開戦 (1)

March 21 [Mon], 2011, 12:24


地響きが起きた。
だがそれは、自然が作り出した音ではなく、大量の人工物が木々を薙ぎ倒して進む音だった。

薄暗かった森に、次々と光が射し込む。もちろんそれは、自然が望んだことではない。
人が、己の欲望の為に自然を破壊しているのだ。
「なぜ分からないのですかっ!貴殿方だって、利用されているに過ぎないのですよ!」
黒く光るロボットたちに追われながら、1人の少女が叫ぶ。もちろん、ロボットたちに向けられた言葉ではなく、先頭を進むロボットの頭上に座る人物への問いかけだ。
丸い頭の天辺に、あぶなげなく座る人物は、ロボットたちとおなじ体型をしていた。丸い体の上に乗った丸い頭、それには不釣り合いな程に細長い手足が付いている。

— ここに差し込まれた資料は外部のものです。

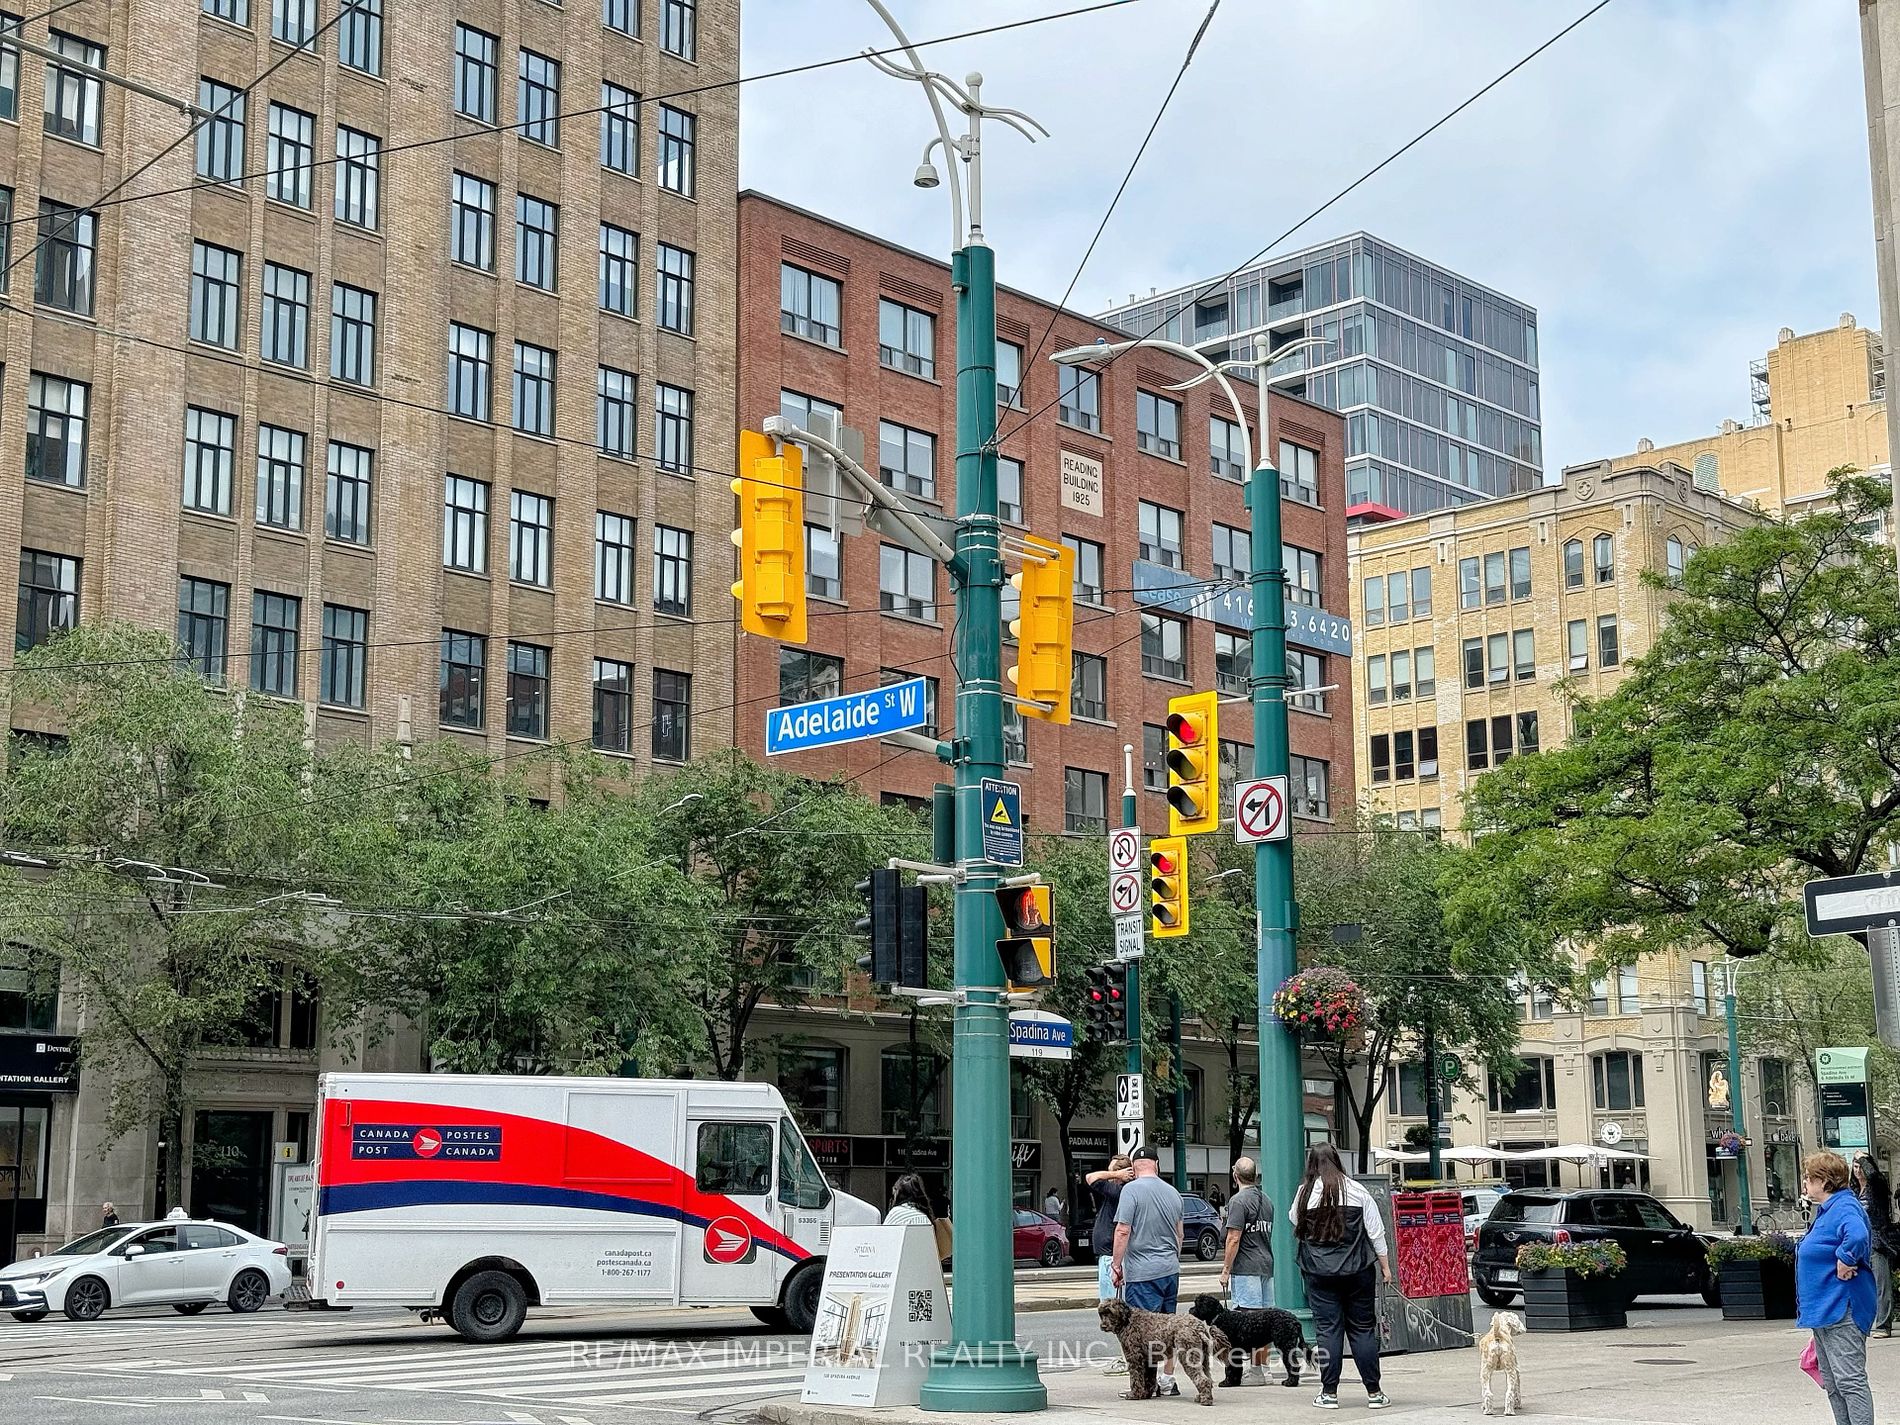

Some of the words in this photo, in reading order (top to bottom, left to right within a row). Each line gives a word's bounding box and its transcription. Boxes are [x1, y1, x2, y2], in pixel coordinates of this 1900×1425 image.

[1064, 457, 1098, 478] READING
[1063, 472, 1099, 494] BUILDING
[1072, 491, 1091, 506] 1925
[777, 698, 881, 742] Adelaide
[884, 691, 897, 709] St
[899, 685, 917, 718] W
[984, 782, 1018, 796] ATTENTION
[1117, 919, 1141, 937] TRANSIT
[1119, 937, 1141, 954] SIGNAL
[1009, 1022, 1049, 1042] Spadina
[1051, 1028, 1066, 1042] Ave
[47, 1045, 71, 1053] Devron
[1031, 1048, 1043, 1057] 119
[33, 1076, 69, 1084] GALLERY
[360, 1129, 410, 1139] CANADA
[446, 1131, 490, 1140] POSTES
[358, 1146, 389, 1155] POST
[809, 1140, 849, 1153] SPORTS
[445, 1147, 495, 1156] CANADA
[604, 1249, 652, 1258] canadapost.ca
[596, 1259, 652, 1267] postescanada.ca
[601, 1269, 651, 1277] 1-800-267-1177
[829, 1271, 868, 1279] PRESENTATION
[868, 1271, 892, 1279] GALLERY

「いいんだよ。僕は、あの方の為に生きているんだから。捨てられたら、死ぬだけさ」
当然のように答える表情に一切の迷いはない。
対する少女の顔は曇った。
「そんなことより・・自分の心配をしろよ。ほらっ!」
ロボットたちの手が一斉に伸びて、少女に向かう。全ての腕を間一髪のところで避けながら、少女は前へと進み続けた。

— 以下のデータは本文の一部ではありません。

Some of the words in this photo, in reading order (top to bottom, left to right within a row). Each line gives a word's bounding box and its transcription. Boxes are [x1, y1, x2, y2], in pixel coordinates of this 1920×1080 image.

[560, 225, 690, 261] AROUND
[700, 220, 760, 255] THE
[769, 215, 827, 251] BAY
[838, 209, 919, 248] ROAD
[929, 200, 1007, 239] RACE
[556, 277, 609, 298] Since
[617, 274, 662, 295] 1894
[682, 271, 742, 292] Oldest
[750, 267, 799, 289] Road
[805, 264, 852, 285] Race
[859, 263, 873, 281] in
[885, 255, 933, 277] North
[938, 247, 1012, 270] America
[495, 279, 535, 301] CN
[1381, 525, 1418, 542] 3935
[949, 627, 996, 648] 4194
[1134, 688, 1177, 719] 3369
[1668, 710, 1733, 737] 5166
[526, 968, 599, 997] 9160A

この先が崖になっていることを2人は知っている。だから、追跡の手が緩いのだ。だから、少女が避けられるのだ。
しかし、ロボットの操縦者は知らない事が1つあった。
そしてそれは、これからの運命を大きく変えることになる。

「さぁ。行き止まりだよ。どうするの?アリステナお嬢様」
「わたくしをその名前で呼ぶなと、アミリアから言われていらっしゃるのでしょう?」
ジリジリと詰まる間合い。アリステナの背後は、底の見えない崖。カラカラと落ちていく小石の音は、どこまでも遠くなり消えていく。

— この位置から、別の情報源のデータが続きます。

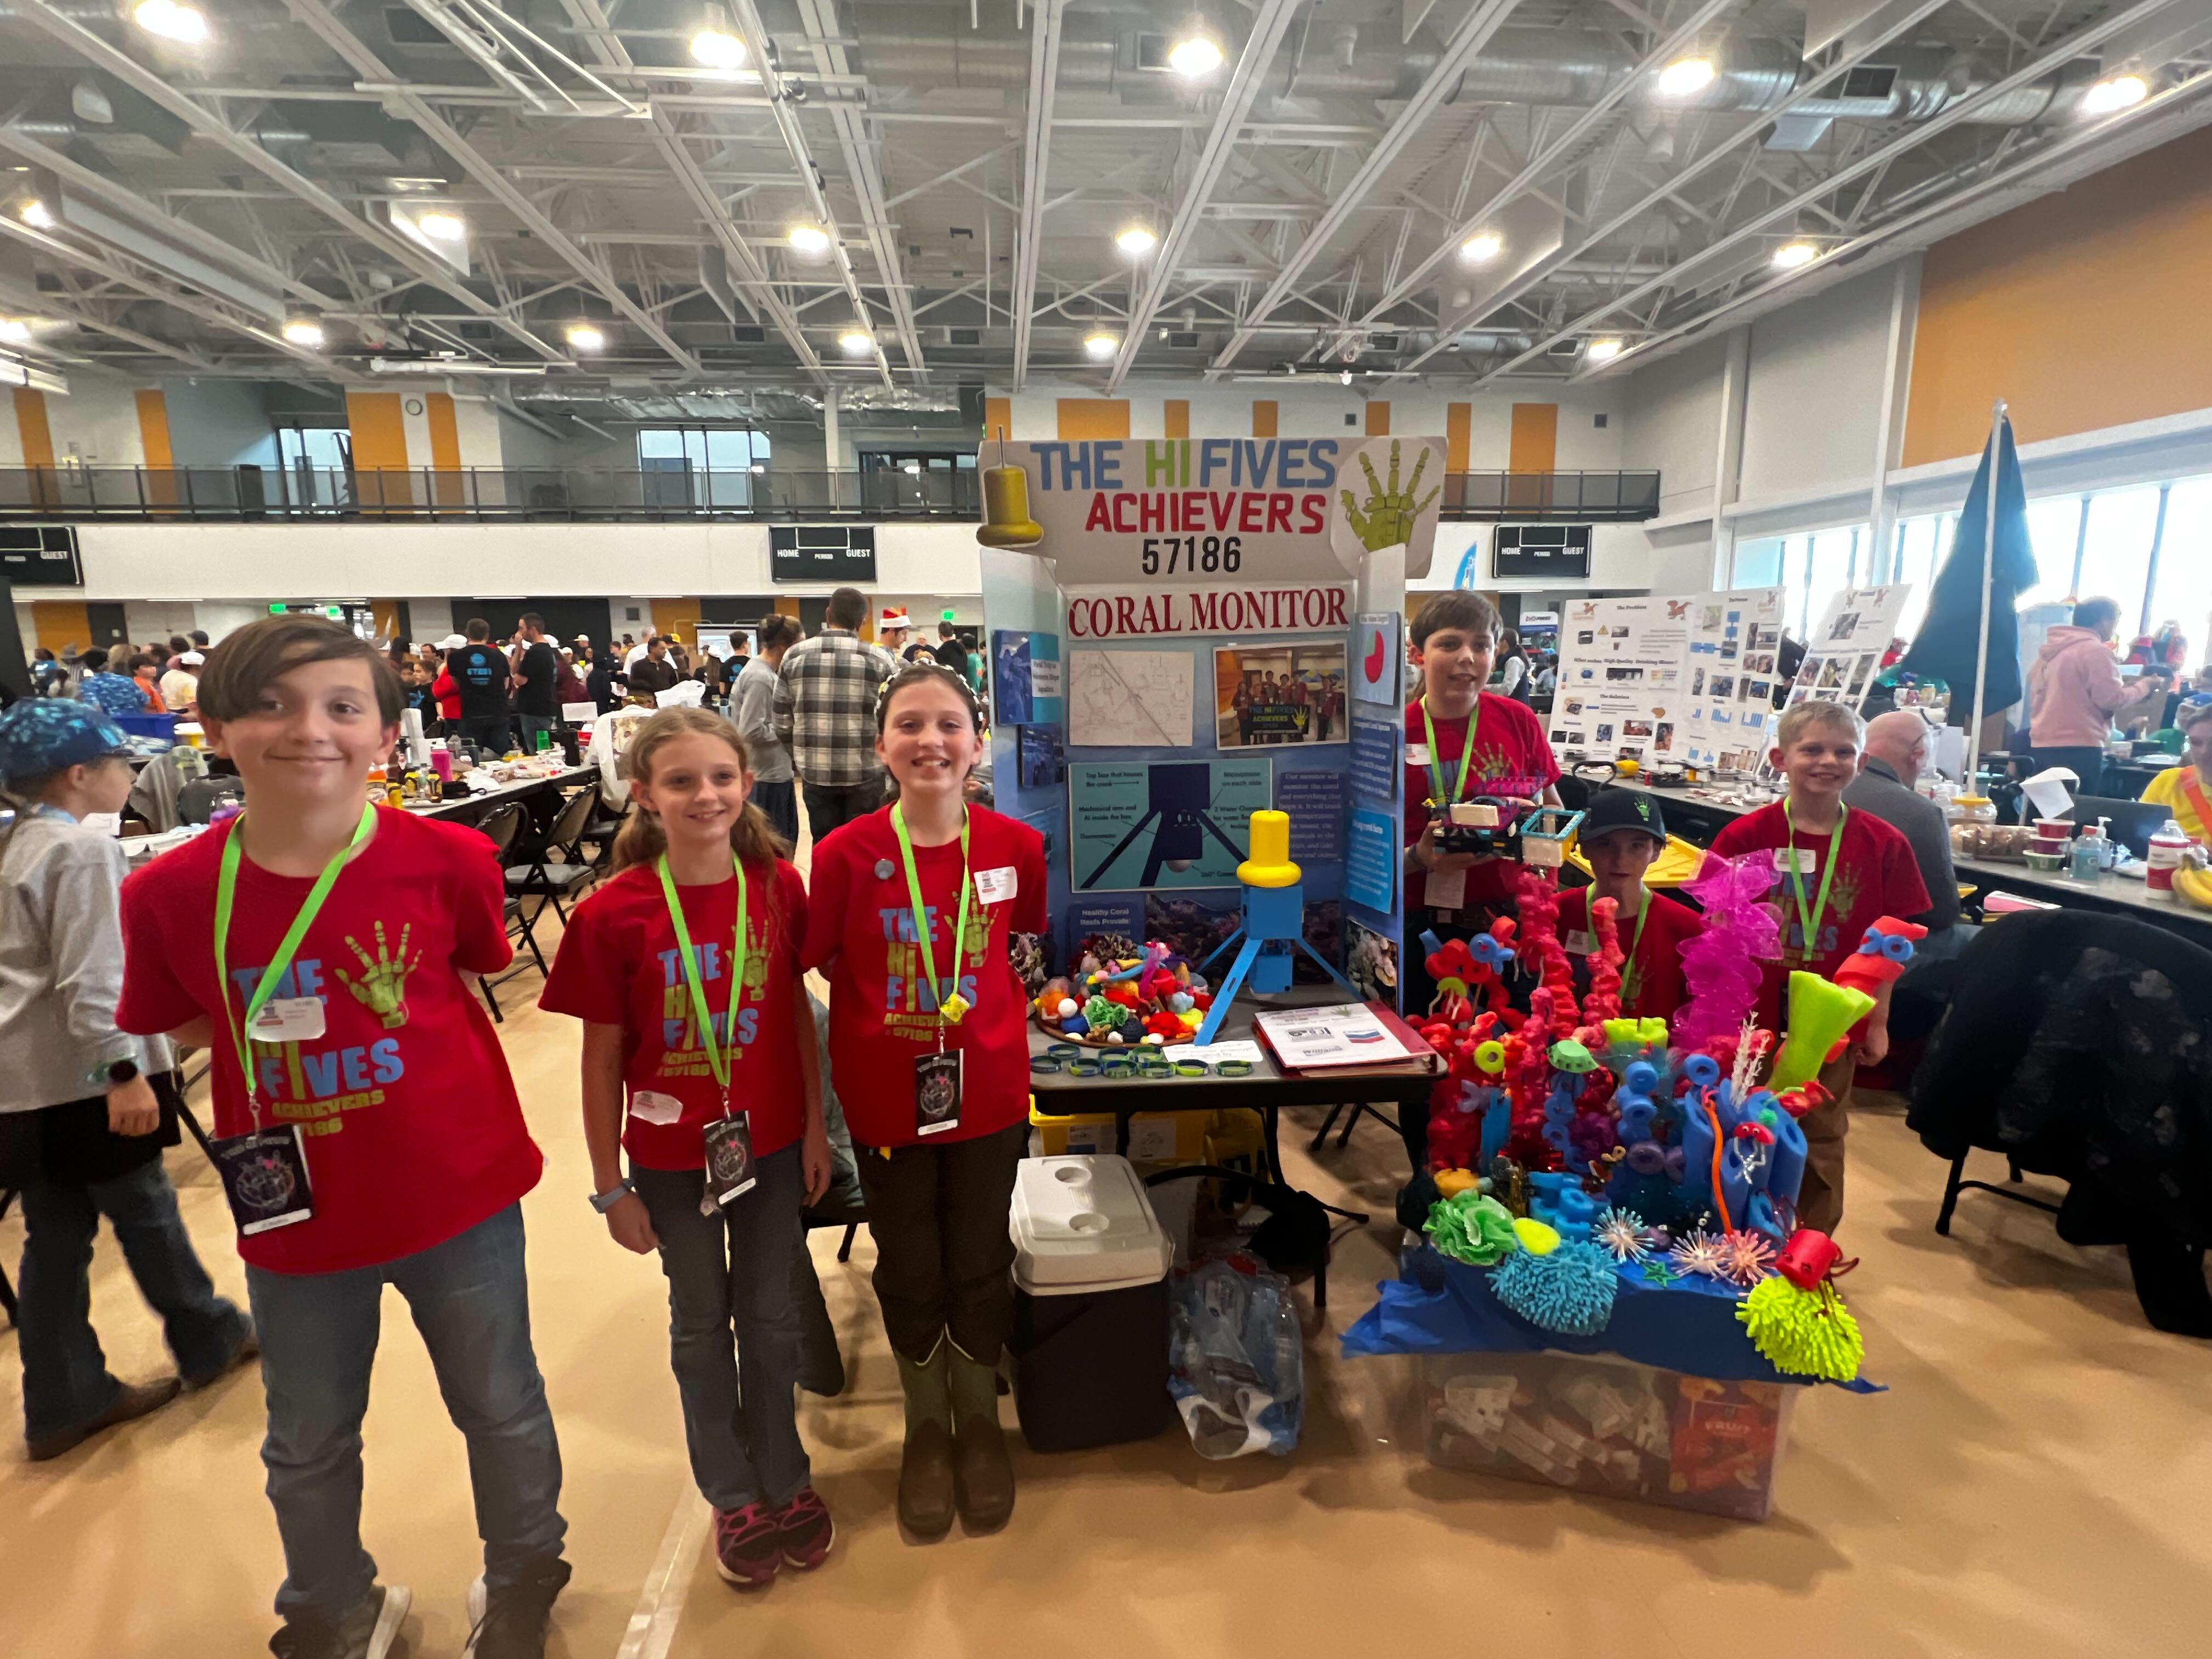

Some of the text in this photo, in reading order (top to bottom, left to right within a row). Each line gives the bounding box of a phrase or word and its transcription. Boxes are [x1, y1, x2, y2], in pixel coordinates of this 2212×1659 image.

[1030, 439, 1339, 490] THE HI FIVES
[1085, 492, 1327, 534] ACHIEVERS
[41, 551, 67, 560] GUEST
[777, 549, 799, 557] HOME
[846, 549, 871, 557] GUEST
[1142, 537, 1242, 575] 57186
[1562, 547, 1584, 555] GUEST
[1069, 588, 1348, 637] CORAL MONITOR
[879, 906, 939, 943] THE
[259, 1037, 404, 1100] FIVES

ニヤリと笑う目前の敵に、アリステナは笑って見せた。それは気品が漂う美しい微笑み。
「わたくしは、サントワーク王国第一王女にして、正当なる後継者、アリステナ・クルーヴ・レストアです。貴方のような方に捕らえられるわけには、参りません」
「じゃあ、死ぬ?」
「いいえ」
アリステナが、ゆっくりと首を横に振る。
「いつかわたくしが戻る日まで、わたくしの国をお預け致します」
「なにを・・・
「それでは、ごきげんよう」
 ・・・っ!?」
その身を軽やかに谷底へと躍らせて、アリステナの姿は消えた。
あまりにも予想外だった展開に、追跡者は呆然とするしかない。自ら死を選ぶなら、それも良しと言われている。だが、これでは生死の確認すら出来ないではないか。まさか、ぬくぬくと育った王女に、こんなところへ飛び降りる度胸があるとは思っていなかった。
「まぁ、良い。どのみち助からないさ」
とりあえず、3体のロボットに後を追わせて、もと来た道を帰っていく。どうせ、あの姫さんもロボットも、谷底で壊れているに違いない。